On Writerly Historians

I’ve been reading a work of American history for the last few weeks, and it’s making me crazy. I really think history took a wrong turn when its practitioners decided to opt for narrative over analysis. Not because that’s a methodologically unsound choice—it’s not—but because most of the people who’ve made it are just not up to the job. You’ve got these self-styled writerly historians, writing stories that are larded with “the telling detail” that doesn’t tell you anything at all. It’s just page after page of chazerai. Guys, if you’re going to be a Writer, take this lesson from a guy who knew a thing or two about writing:

Remove everything that has no relevance to the story. If you say in the first chapter that there is a rifle hanging on the wall, in the second or third chapter it absolutely must go off. If it’s not going to be fired, it shouldn’t be hanging there.

Update (April 25)

On Facebook, Josh Mason made a good observation: “The problem isn’t so much that most historians aren’t Balzac, as that they’ve chosen a form that you need to be Balzac to pull off.” Is that too much to ask?


  1. Matthew April 25, 2014 at 12:08 am | #

    Doris Kearns Goodwin’s new book on T.R. And Taft?

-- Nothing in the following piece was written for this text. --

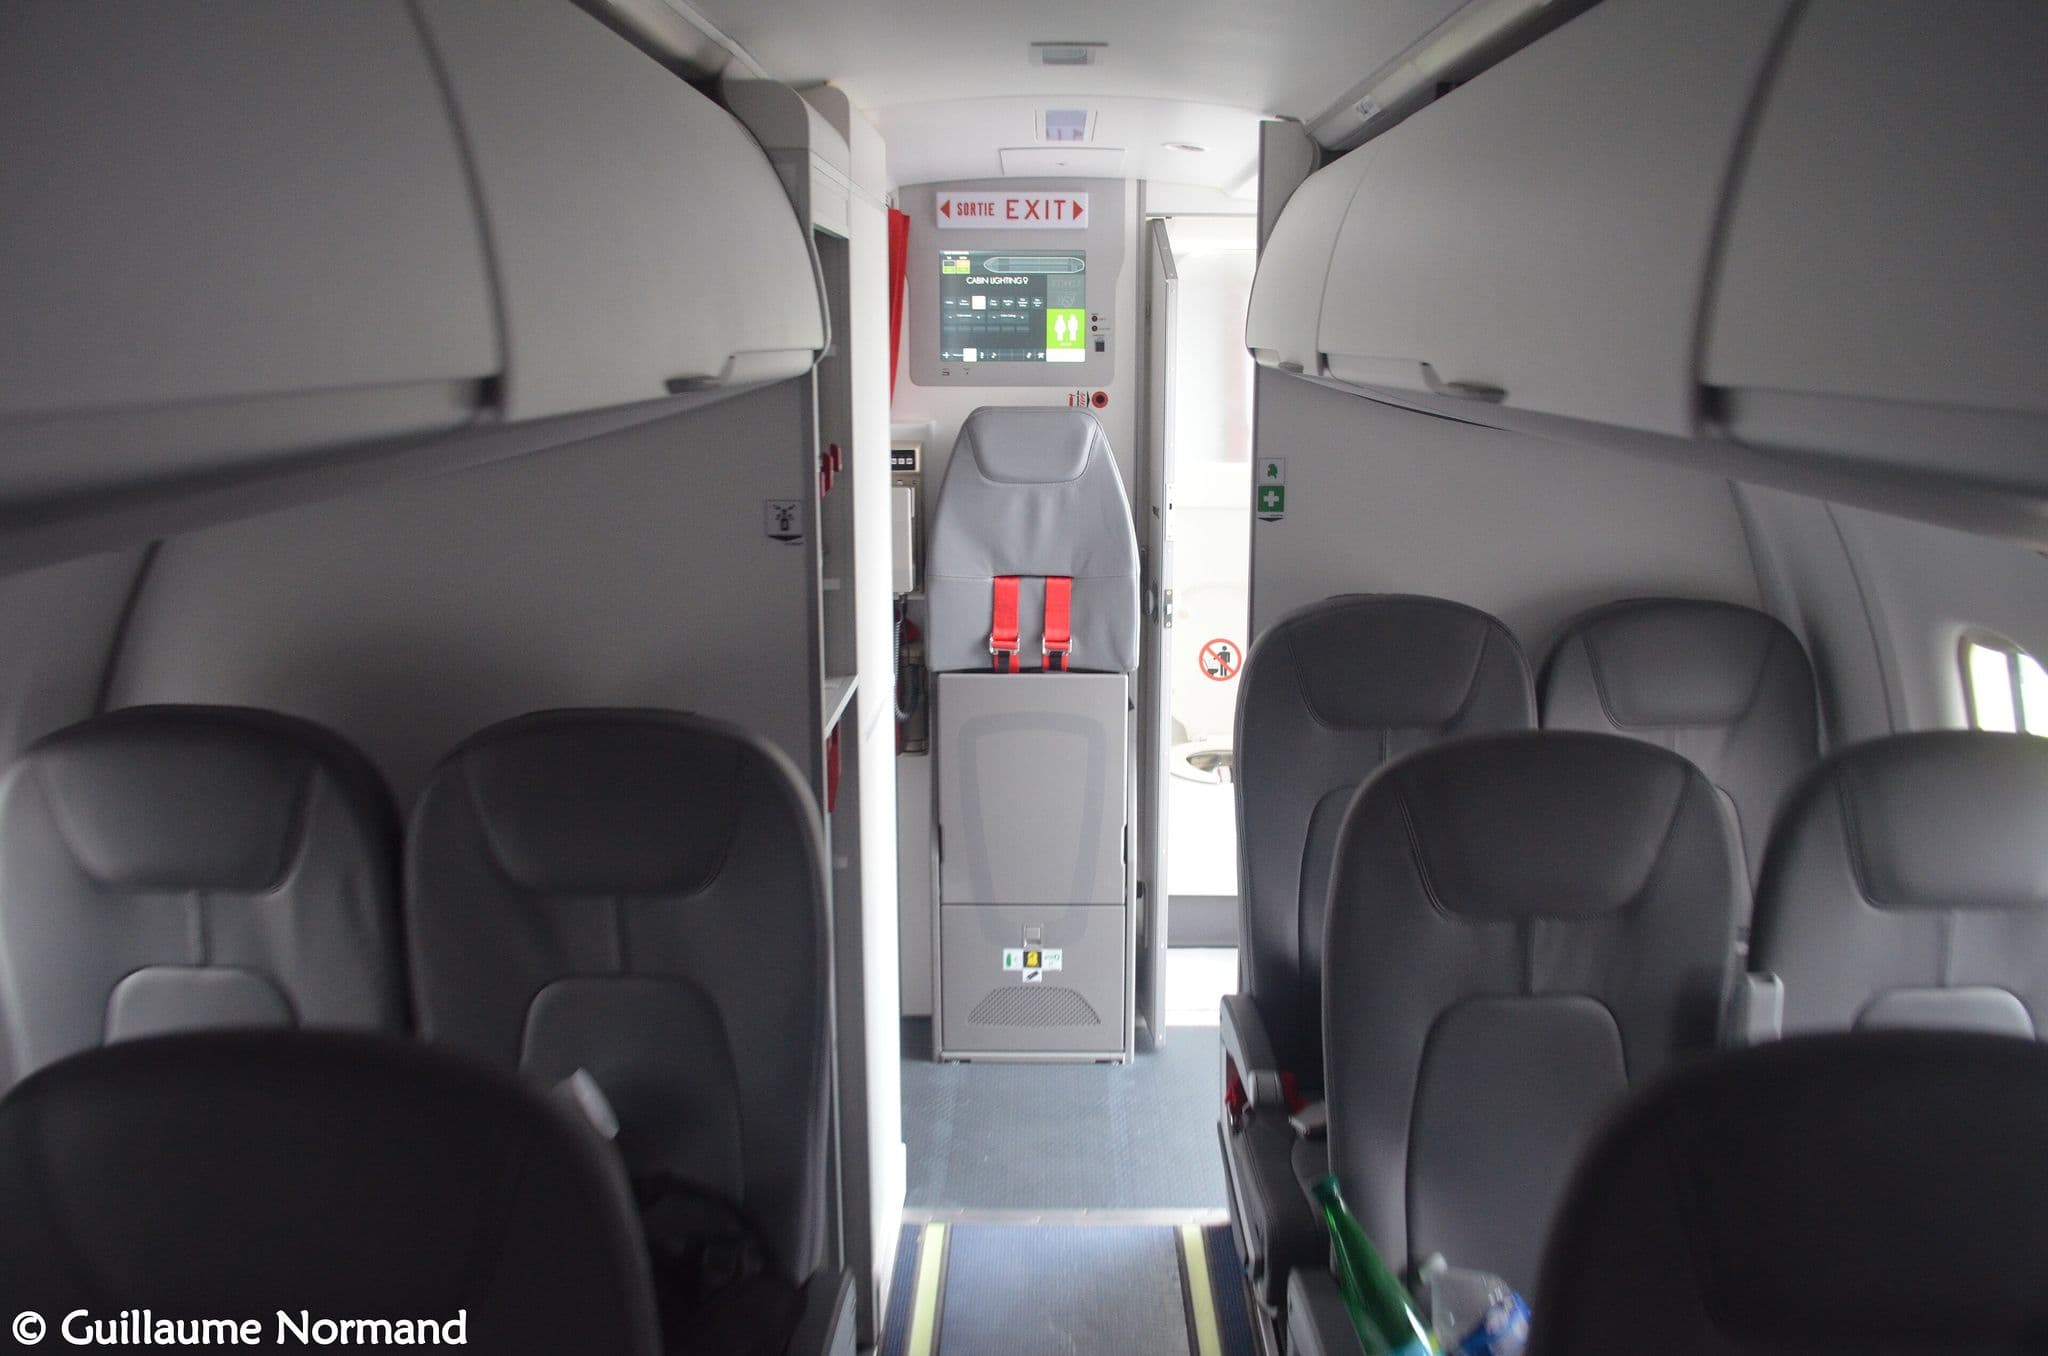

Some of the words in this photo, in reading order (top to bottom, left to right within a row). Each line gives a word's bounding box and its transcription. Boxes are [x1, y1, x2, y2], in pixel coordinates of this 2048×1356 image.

[957, 202, 995, 217] SORTIE
[1006, 199, 1067, 220] EXIT
[966, 276, 989, 285] CABIN
[990, 276, 1023, 285] LIGHTING

  2. Gaurav Khanna April 25, 2014 at 12:09 am | #

    That was short and to the point 🙂

  3. Jake April 25, 2014 at 12:10 am | #

    So setting the scene has no meaning?

  4. Jim Brash April 25, 2014 at 12:27 am | #

    History books have nothing to do with analysis these days. Its about innuendo, gossip, unsubstantiated shit that’s paraded around as truth. Its sometimes about being a love letter to a departed person, era, or group of circumstances. But its always about making that bestsellers list. And being that historians want to make money too, their work resembles prose. There’s a lot more filler nowadays

  5. Roquentin April 25, 2014 at 12:42 am | #

    When I want to read literary history I tend towards works actually written in that particular era and place, fictional or otherwise. Even works which are entirely fabricated can say more about the sensibilities of the time than a scholarly historical text from today. In spite of that, historical fiction shouldn’t be written dismissed Shakespeare had his historical plays and Flaubert had Salammbo, just to name a couple of examples.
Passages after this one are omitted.